Her heart is still beating so fast, her cheeks are still red and hot, and the rain outside on a Saturday makes all the scenes feel so real. She drops her bag next to her nicely made up bed. Her sight is starting to be foggy. She needs to lean back to her white and purple wall before she crashes to the ground. What just happened 27 minutes ago? Did everything really occur in real life or just in her dream? Was the kiss just an illusion? Her feelings are all so mixed up right now. It is supposed to be wrong, but is she a bad person to admit that she enjoyed it?
No, it is not a sin to kiss someone that you are unsure of how you feel. But what is wrong is that he is someone else’s, and not hers in the first place. When his lips touched hers, the whole world was swirling around in the back of her head. It has been a long time since someone touched her lips. But the feel…it was different. It was something indescribable.

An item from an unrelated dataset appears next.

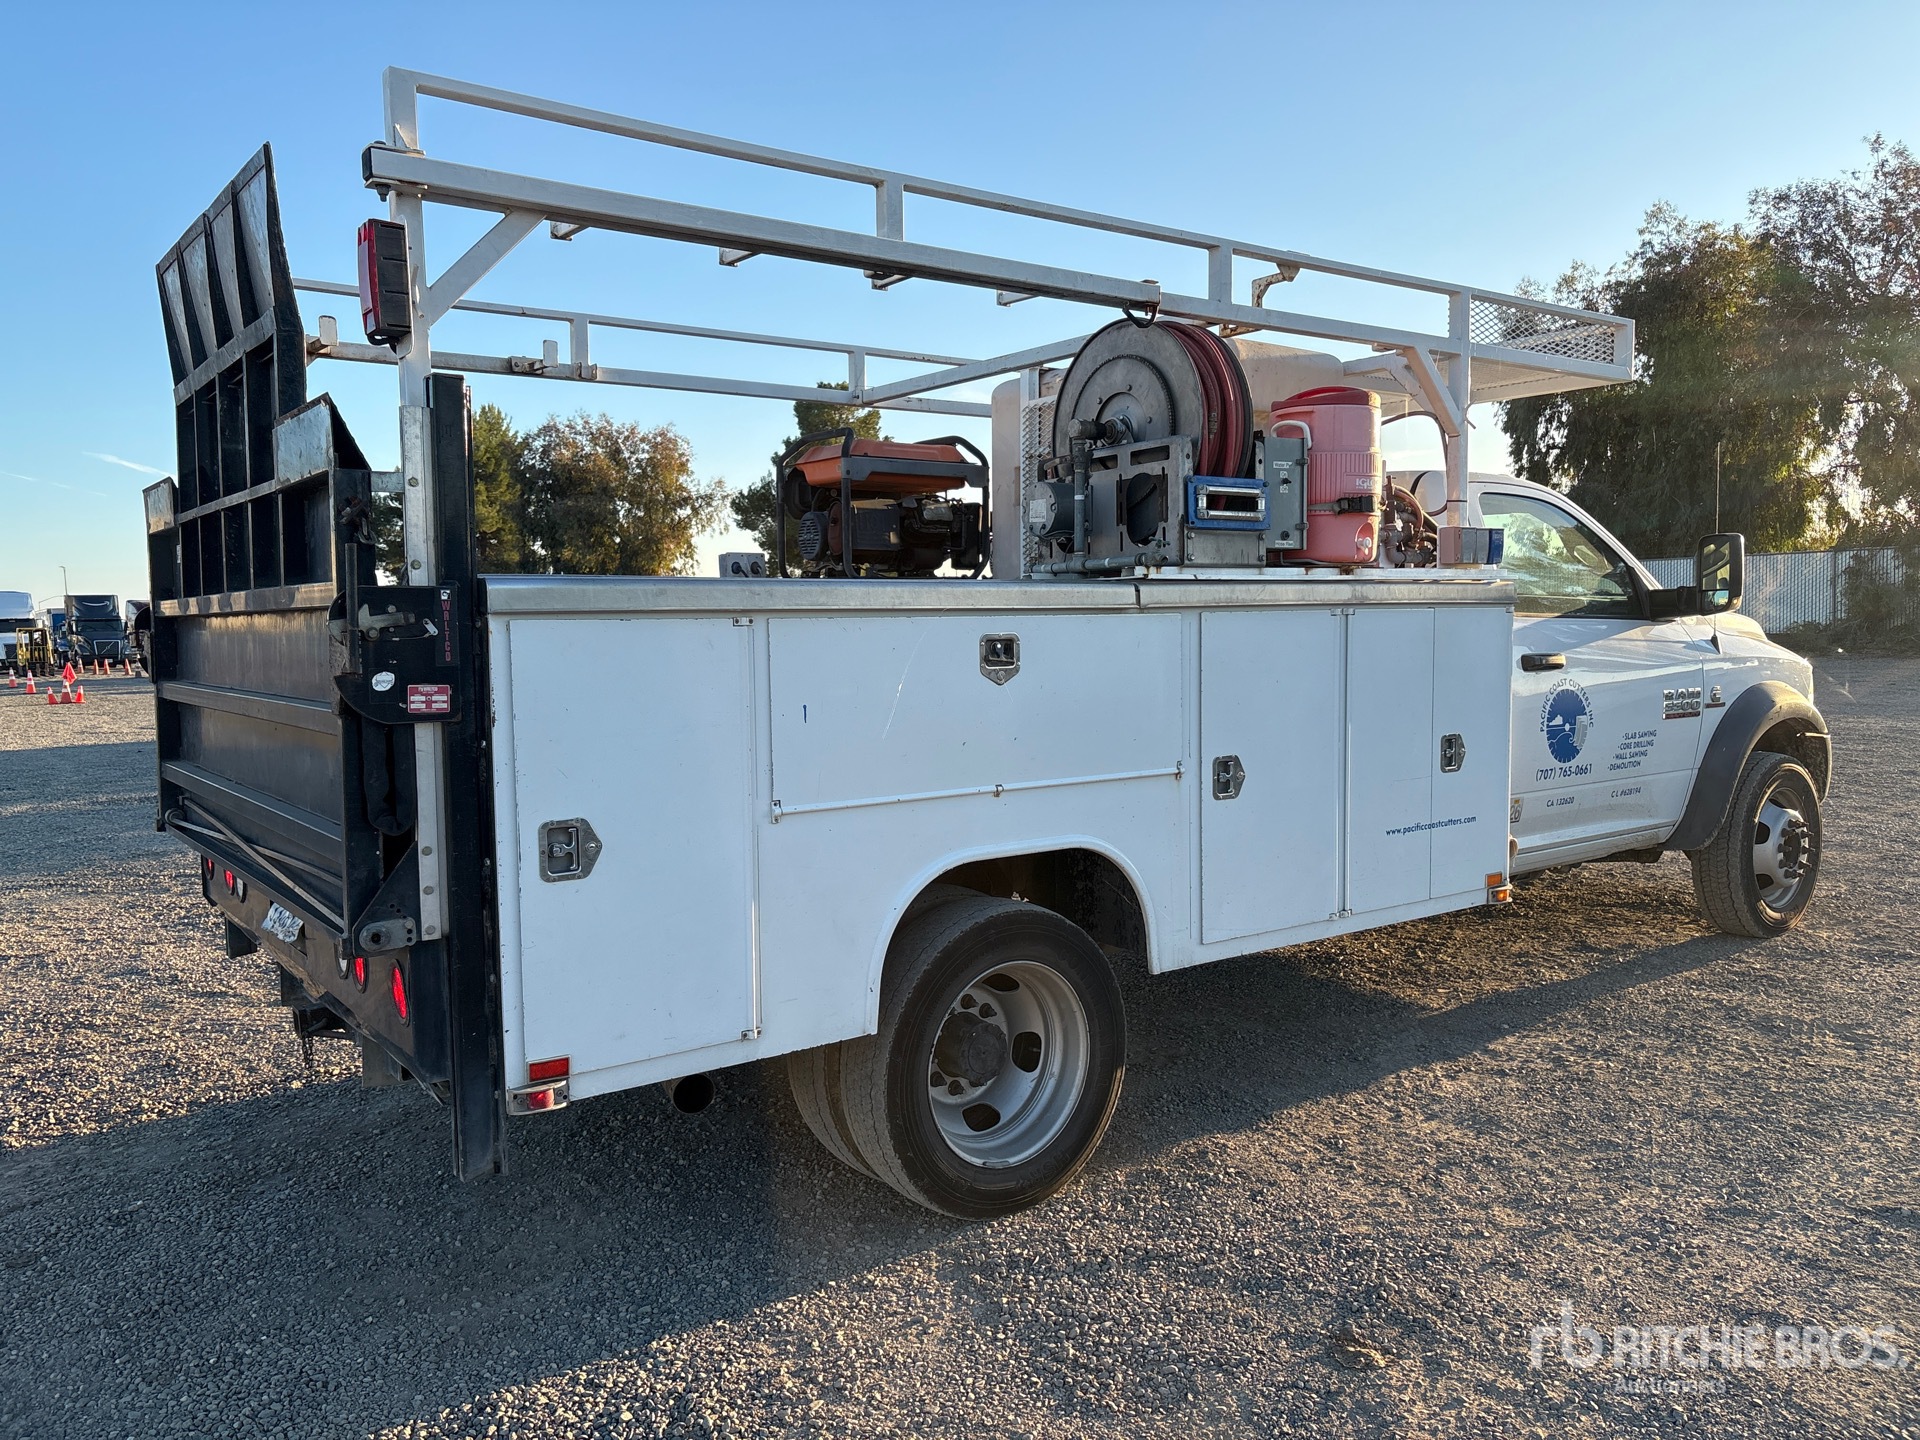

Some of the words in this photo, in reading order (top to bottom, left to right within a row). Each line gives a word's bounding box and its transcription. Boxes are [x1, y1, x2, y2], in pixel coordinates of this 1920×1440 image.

Him, the person that has been there when she went through a rough relationship and stayed until she decided to move on… sadly not to him but to another guy. He was still there, waiting for her to see his presence. For real. Two broken experiences of love and there he was, still expecting for her recognition. She thought he was gone to someone else’s hands but he kept coming right back at her. Whoever she ends up with and he ends up with, he will always find a way to see her. She never refuses and she kinds of like it and worse she becomes too dependent on him. Even her mother.
Is that wrong to be in the middle of two people’s relationship? Is that so wrong to ruin someone else’s life that she might not even know just for her own entertainment? Is that wrong wishing that he will not let go of her even though someone else’s life is on the verge of breaking? Is it too late to finally say that ‘I am waiting for you to come back to me and there shall I finally hold your hands in mine’? 
People will only regret things that had already happened and had already lost. People will only be grateful after they give up the things they used to chase. People will only realize how they are worth not until they got wasted by someone else. Because people will never feel enough with themselves and therefore they desire greater things and become even more greedy. In that moment, people do not realize that they are killing someone else and themselves.